Sur le plan juridique, cette réforme est nécessaire. En effet, actuellement, les missions judiciaires exercées par les policiers municipaux sont limitées puisque, pour l’essentiel, elles consistent à constater par PV de nombreuses contraventions : la grande majorité de celles réprimées par le code de la route, l’abandon d’ordures, de déchets, de matériaux et d’autres objets, les bruits et tapages injurieux ou nocturnes, les atteintes volontaires ou involontaires à animal, ainsi que les mauvais traitements à animal, etc.

Où réside la difficulté pour le législateur ?

La difficulté tient aux censures prononcées par le Conseil constitutionnel à dix ans d’intervalle, soit en 2011 (décision LOPPSI2011-625 DC du 10 mars 2011) et en 2021 (décision Sécurité globale 2021-817 DC du 20 mai 2021), lorsque le législateur a tenté de renforcer les prérogatives judiciaires des policiers municipaux en leur reconnaissant, notamment, le pouvoir de procéder à des contrôles d’identité à des fins de police judiciaire et de constater par PV certains délits du quotidien.

À chaque fois, ces réformes ont buté sur un même obstacle : la méconnaissance par le législateur de l’exigence constitutionnelle de direction et de contrôle de la police judiciaire par l’autorité judiciaire.

S’agissant de son fondement, cette exigence ne figure nulle part dans la Constitution, mais a été consacrée par le Conseil constitutionnel à partir d’une interprétation des dispositions de l’article 66 de la Constitution relatives à la garantie judiciaire de la liberté individuelle (à ce sujet, voir, par ex., M.-A. Granger, « La sécurité publique sous contrôle juridictionnel : polices et autorité judiciaire dans la jurisprudence constitutionnelle depuis la décision Fouille des véhicules de 1977 », ADSD 2022, vol. 7, Mare & Martin, p. 41-51).
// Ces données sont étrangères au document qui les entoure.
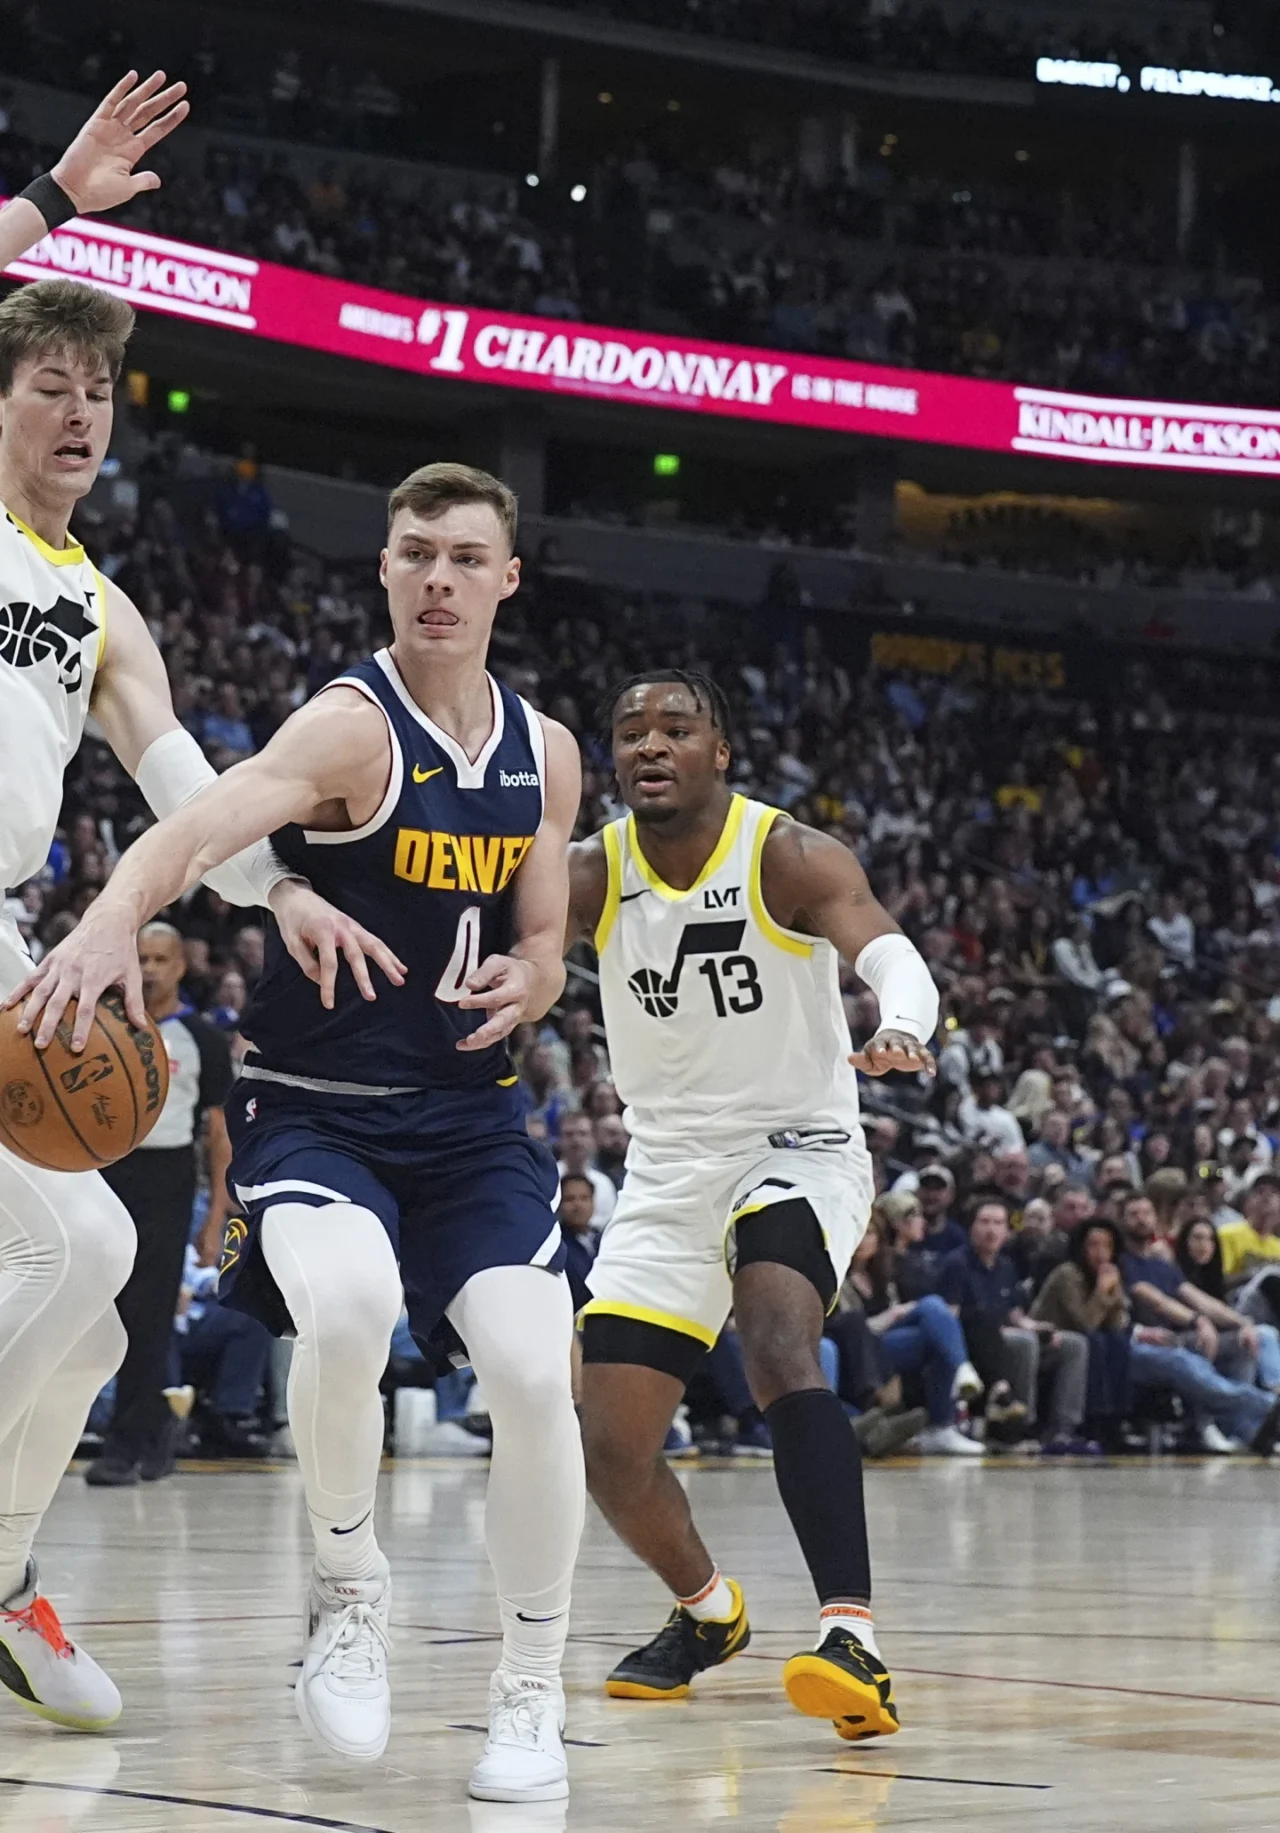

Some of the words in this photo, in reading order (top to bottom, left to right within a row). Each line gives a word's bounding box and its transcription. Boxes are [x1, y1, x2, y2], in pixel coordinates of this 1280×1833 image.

[473, 324, 789, 405] CHARDONNAY
[499, 769, 539, 788] ibotta
[393, 827, 535, 895] DENVE
[704, 887, 741, 909] LVT
[435, 905, 481, 1003] 0
[699, 955, 763, 1018] 13
Sur le fond, cette exigence a pour conséquence que le procureur de la République est le patron de la police judiciaire (tant qu’une information judiciaire n’est pas ouverte) : à ce titre, il dirige et contrôle cette police et, en particulier, les officiers de police judiciaire (OPJ). Ainsi, le Conseil constitutionnel interdit au législateur de confier des pouvoirs de police judiciaire en matière délictuelle à des policiers municipaux sans qu’ils ne soient « mis à la disposition d’OPJ ou de personnes présentant des garanties équivalentes » (décision n° 2021-817 DC, § 6), car le lien serait alors trop distendu entre le procureur et les policiers municipaux, peu importe, du reste, que le maire ait aussi la qualité d’OPJ (art. 16, 1°, du CPP). Au demeurant, on sait qu’en pratique, cette qualité d’OPJ du maire (et de ses adjoints) ne lui confère pas de grandes prérogatives, et certainement pas celle de détenir ou de porter une arme (CE, 21 novembre 2001, Cne de Wissous, no 202102) ni celle d’annuler les PV de contraventions dressés par les policiers municipaux (Cass., crim., 21 mars 2018, no 17-81.011).

Comment alors le législateur pourrait-il « transformer l’essai » ?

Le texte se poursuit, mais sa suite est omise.